Recognise the signals
When to seriously consider a career change? Common signals:
- Deep weariness at work despite changing environment
- Eroded meaning: you no longer see the impact of your contribution
- Skills ceiling: your current role no longer challenges you
- Sector evolution: your function is threatened by automation or disappearance
- New aspiration: a personal or family project requiring another career
An isolated signal may fade. Three or four combined signals over several months deserve serious attention.
Conduct a skills assessment
The first concrete step is the assessment. You can do it:
- Alone: skills matrix (technical, behavioural, sector), past achievements, motivations
- With a private coach (CHF 1,000 to 3,000 on average for 6 to 10 sessions)
- With a RAV advisor if unemployed (free)
- Via a structured assessment like Lifeplan or Talents (programmes over 8 to 12 weeks)
A good assessment identifies 5 to 7 transferable skills, 2 or 3 realistic career paths, and gaps to fill.
Explore new careers
Before training, validate through experience:
- Interviews with 5 to 10 professionals in the target field (LinkedIn, network)
- Job-shadowing days (vis-mon-job, short internships) if possible
- Volunteering or ad-hoc projects to taste the reality
- Sector reading: specialised journals, reference books, podcasts
- Trade shows and events: LIFT, Welcome to the Jungle, career fairs
Aim for 50 to 100 hours of discovery before committing to long training. You will save time and money.
Choose your training
Switzerland offers a particularly complete continuing education system:
- Adult CFC: 2 to 3 years, classic route for trade and technical careers
- Federal certificate: 1 to 3 years, intermediate recognised level (e.g., financial advisor, project manager)
- Federal diploma: 1 to 2 years, expert level
- HES Bachelor: 3 years, possibly part-time alongside work
- HES or university Master: 1.5 to 2 years, post-bachelor
- MAS, CAS, DAS: short modular formats, 10 to 60 ECTS
- Professional certifications: PMP, AWS, Scrum, Salesforce — 1 to 6 months
The choice depends on your age, pace and target career. Inquire at your canton's vocational guidance office.
Finance your transition
Several levers exist:
- Cantonal aid: education grants (up to CHF 28,000/year depending on canton)

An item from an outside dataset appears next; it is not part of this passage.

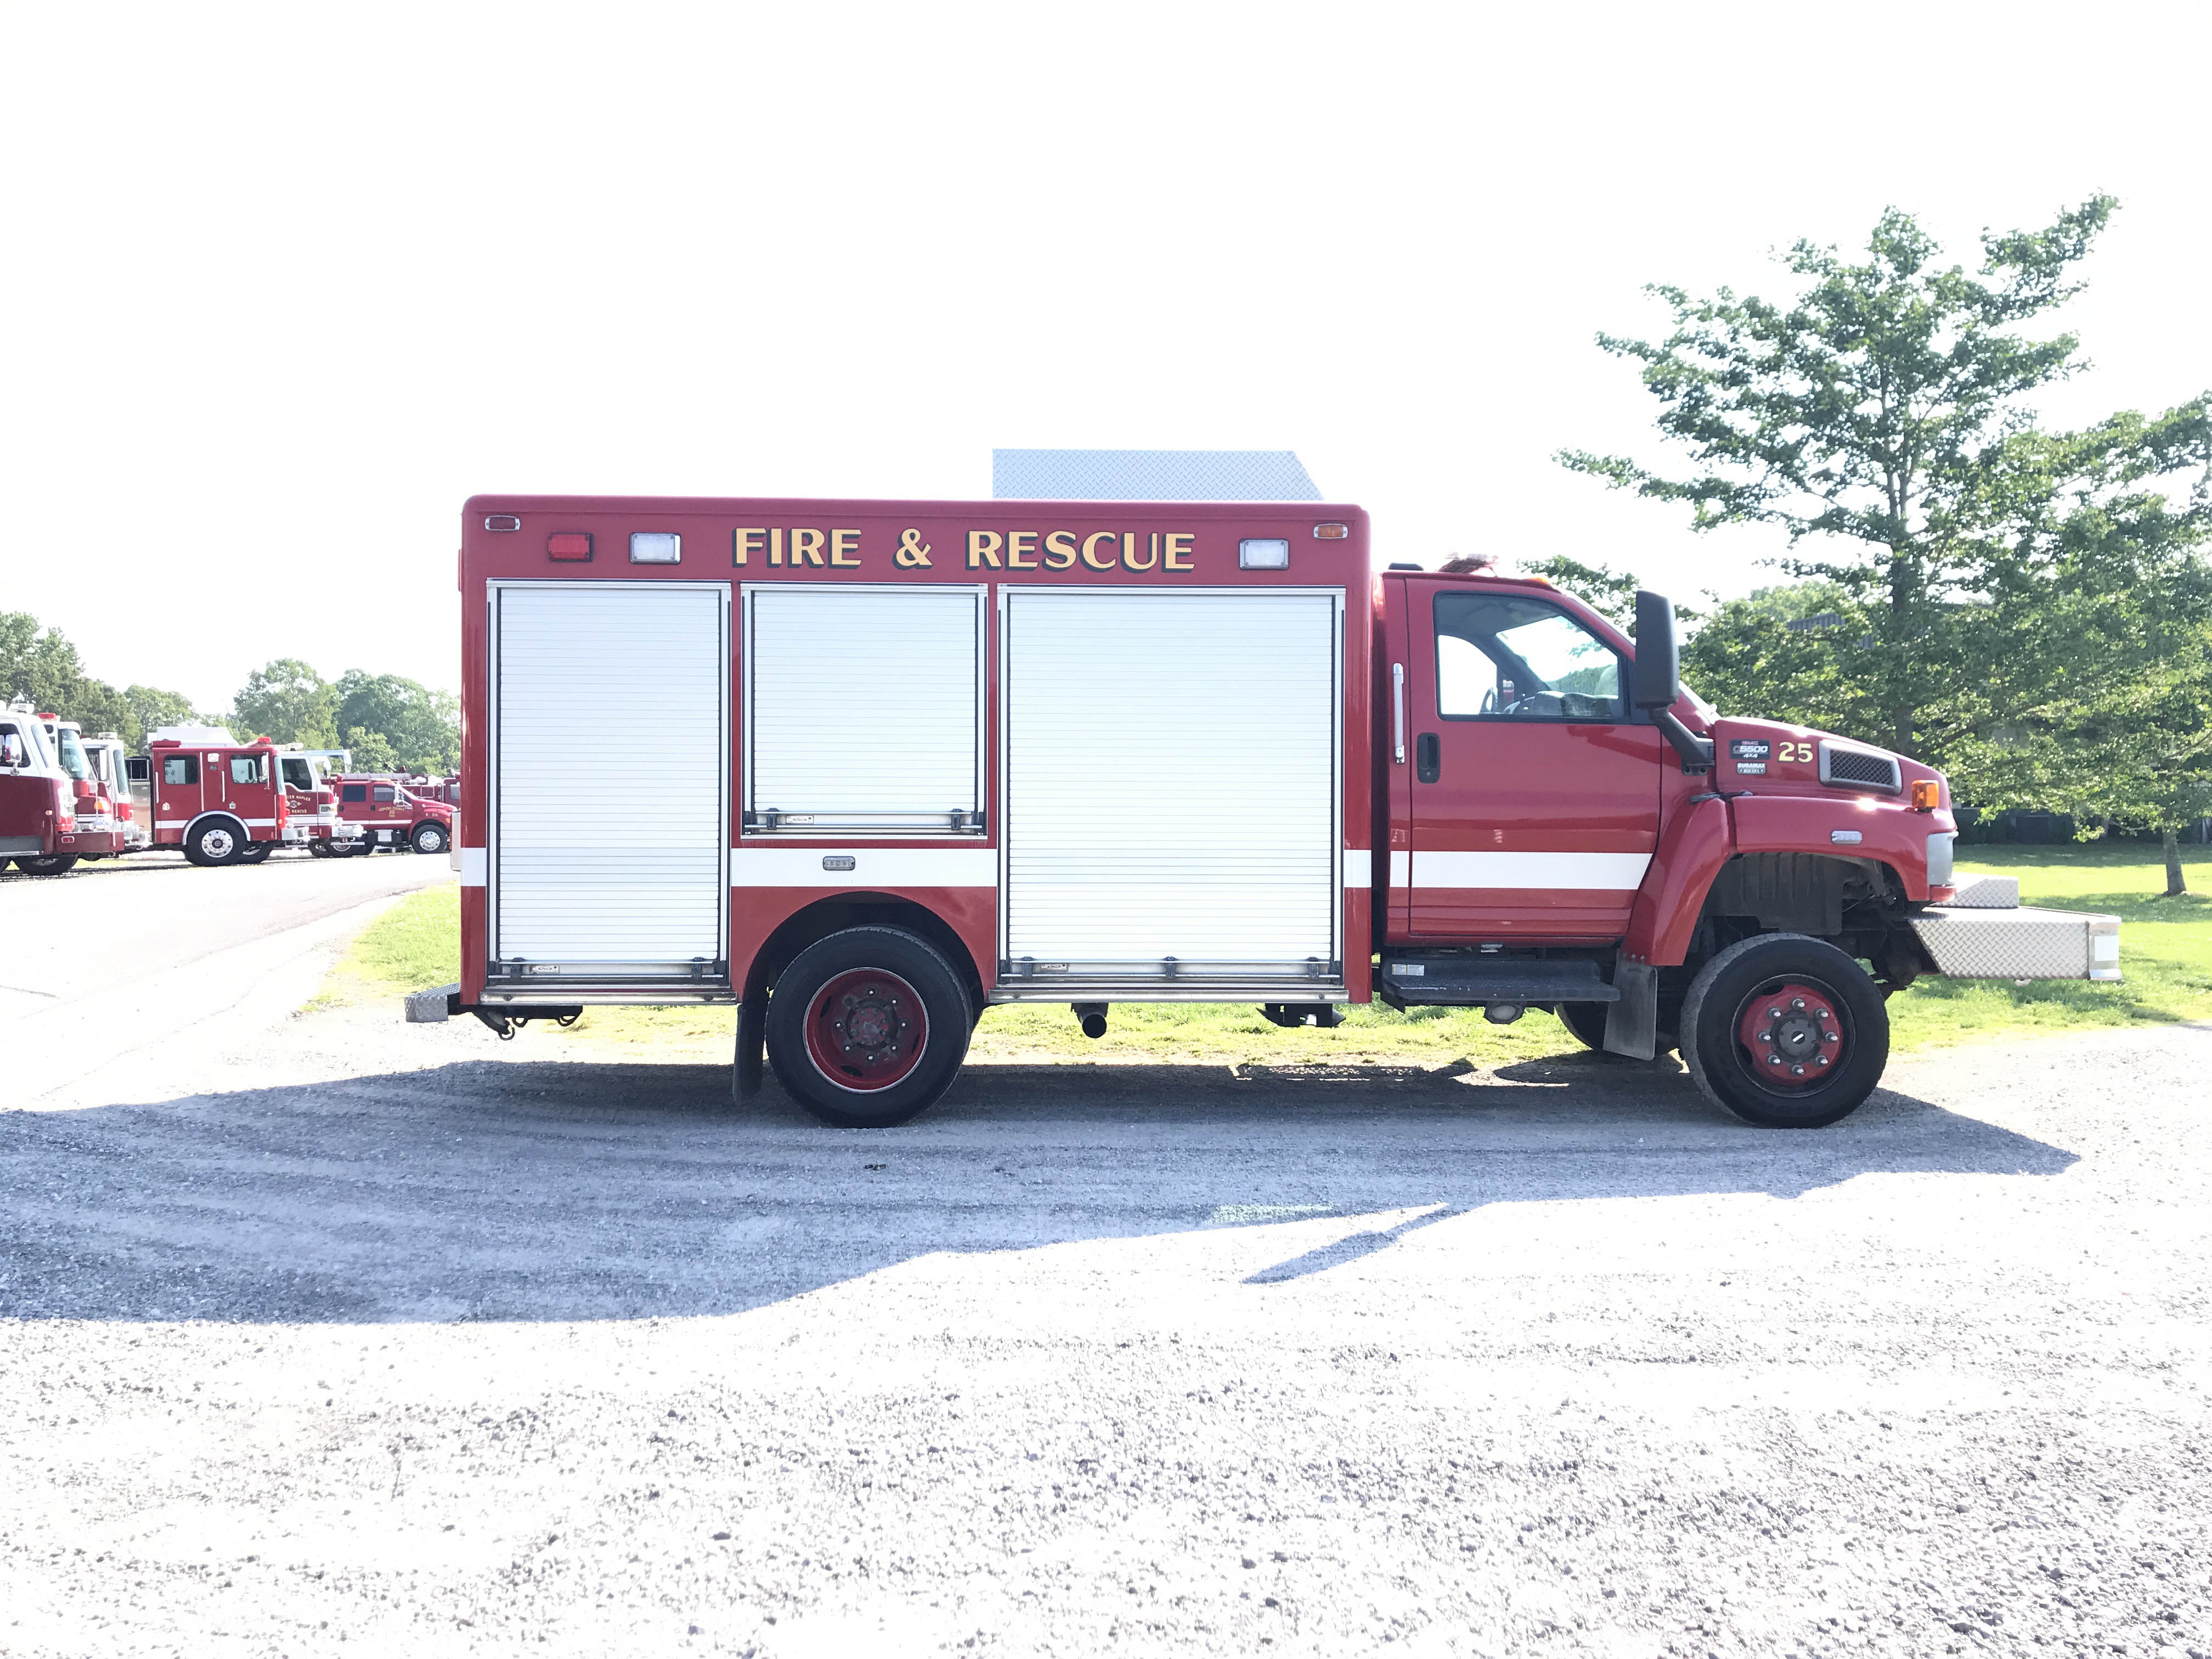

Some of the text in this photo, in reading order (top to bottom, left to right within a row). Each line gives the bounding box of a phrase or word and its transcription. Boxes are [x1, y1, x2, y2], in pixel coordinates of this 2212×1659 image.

- Federal subsidy: 50% of federal exam costs reimbursed
- Return-to-employment allowances if unemployed
- Employer career plan: some employers fund part of continuing education
- Pillar 3a: withdrawable to start a self-employed activity
- Student loans: repayable after qualification
A realistic budget includes training costs, temporary income drop and ancillary costs (books, travel, equipment). Plan for CHF 30,000 to 80,000 for a 2-year career change depending on the field.
Manage the transition
The shift phase is often the trickiest:
- Preserve your savings: 6 to 12 months of expenses in reserve to absorb the transition
- Announce progressively: to your family, employer, network
- Maintain partial activity in your old career if possible (part-time, mandates)

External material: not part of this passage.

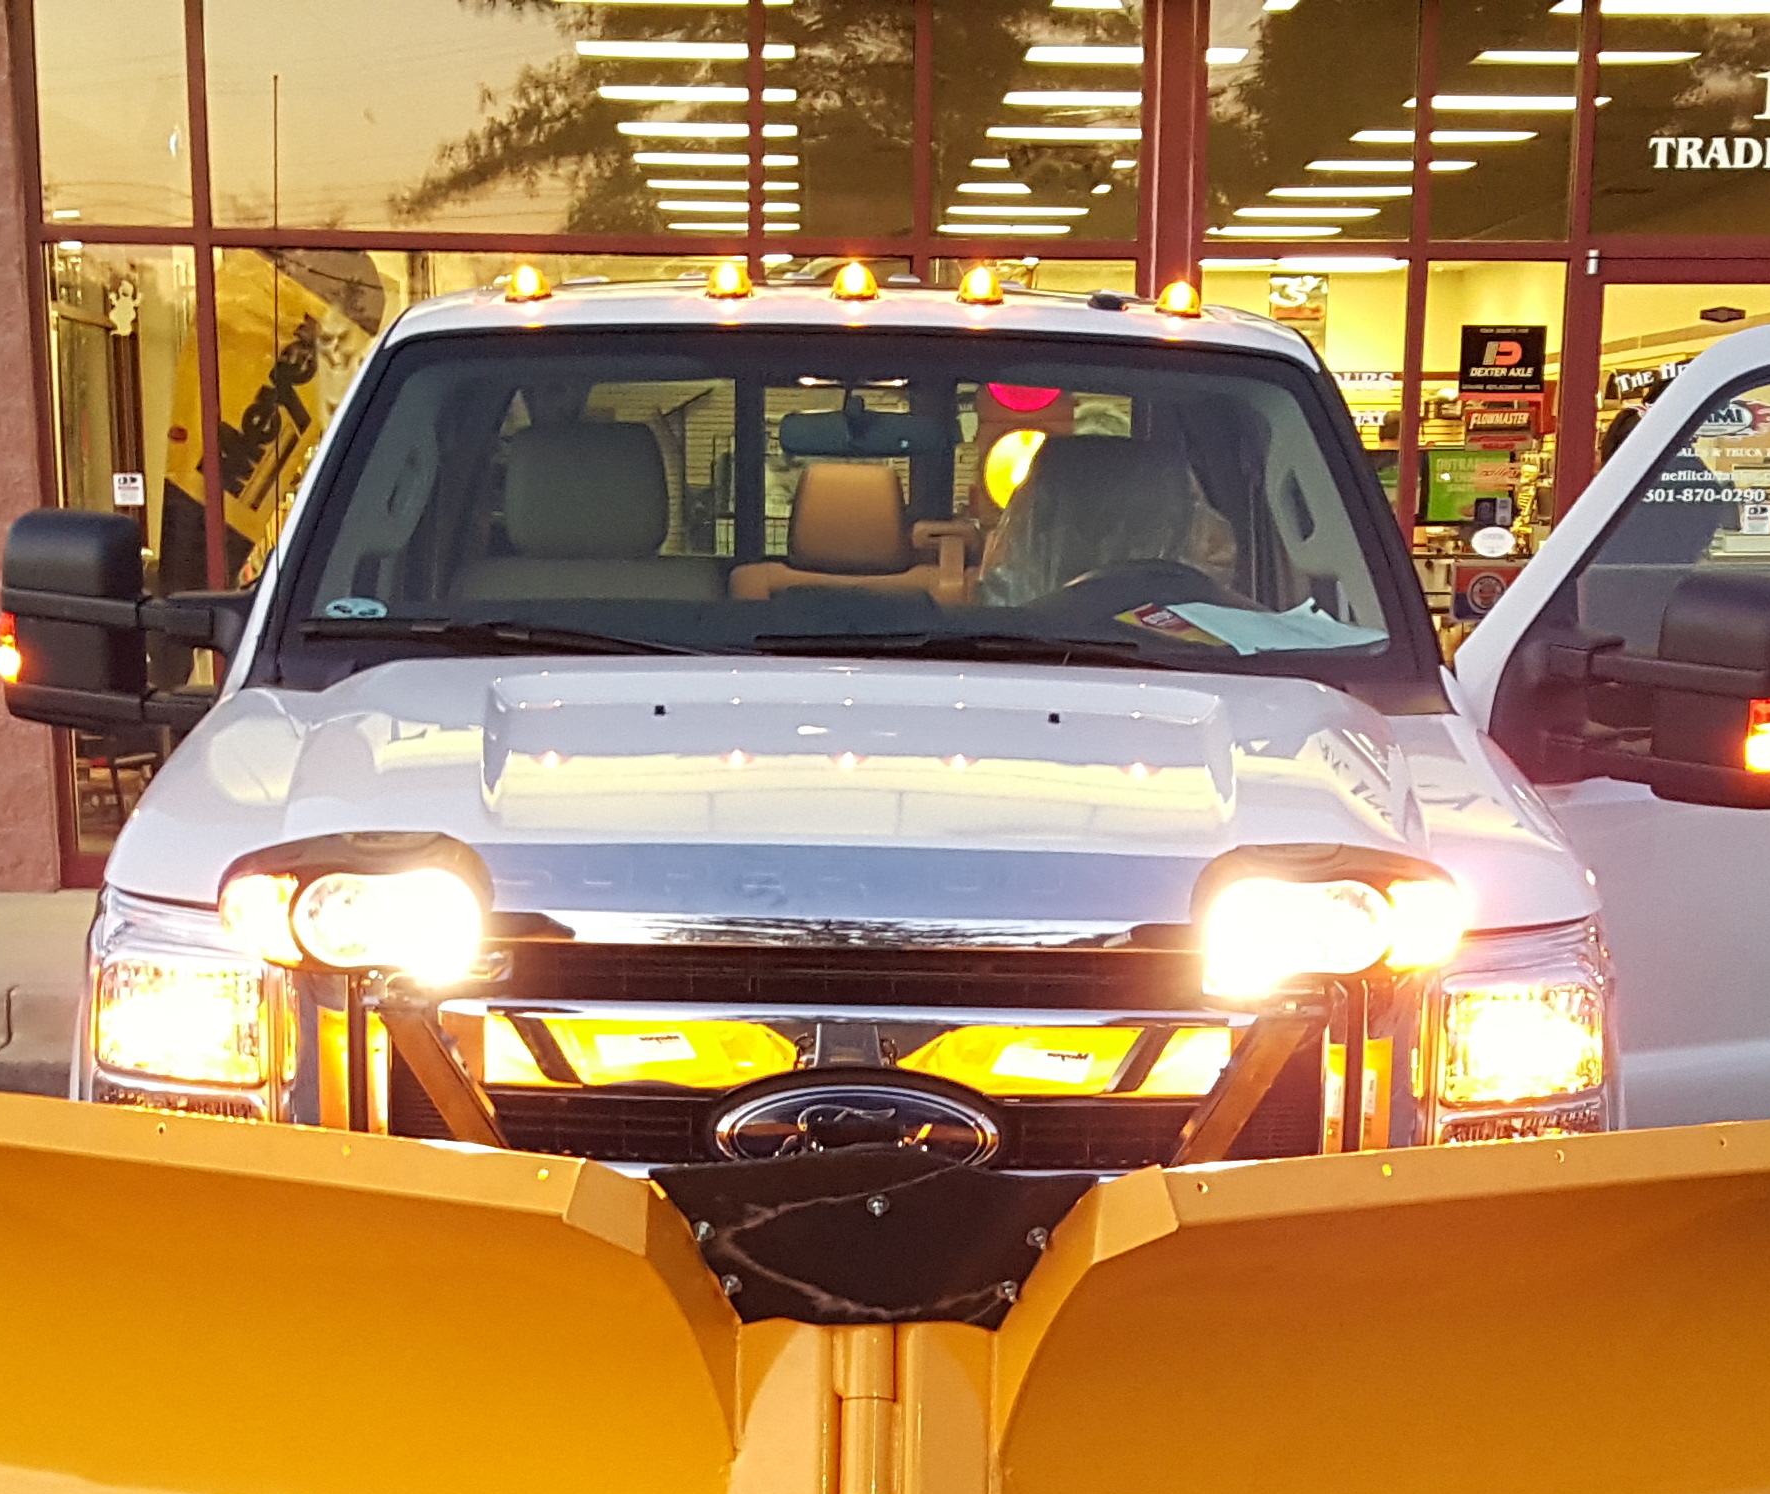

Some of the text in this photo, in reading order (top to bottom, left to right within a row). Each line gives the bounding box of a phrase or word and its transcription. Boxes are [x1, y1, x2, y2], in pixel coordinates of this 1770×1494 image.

[1469, 366, 1535, 378] DEXTER AXLE
[1616, 372, 1655, 393] THE
[1469, 412, 1531, 430] FLOWMASTER

- Build your new professional identity: updated LinkedIn from the start, visible projects, contacts in the new sector
- Accept a temporary income drop: 20 to 40% in the first years, return to balance in 3 to 5 years on average
Career change is not a sprint but a marathon. Prepared, it succeeds in 70 to 80% of cases per longitudinal studies.
Mistakes to avoid
Classic pitfalls:
- Resigning too early before having a solid plan B
- Training without validating through experience
- Choosing an escape career rather than a desired one
- Underestimating duration: plan for 2 to 5 years depending on the gap between old and new
- Neglecting networking: 60 to 70% of first roles in a new career come via direct contacts
- Forgetting to test self-funding before leaving employment
A well-led career change is one of the most enriching projects of a career. Poorly prepared, it can generate 5 to 10 years of frustration. Give yourself the means to succeed.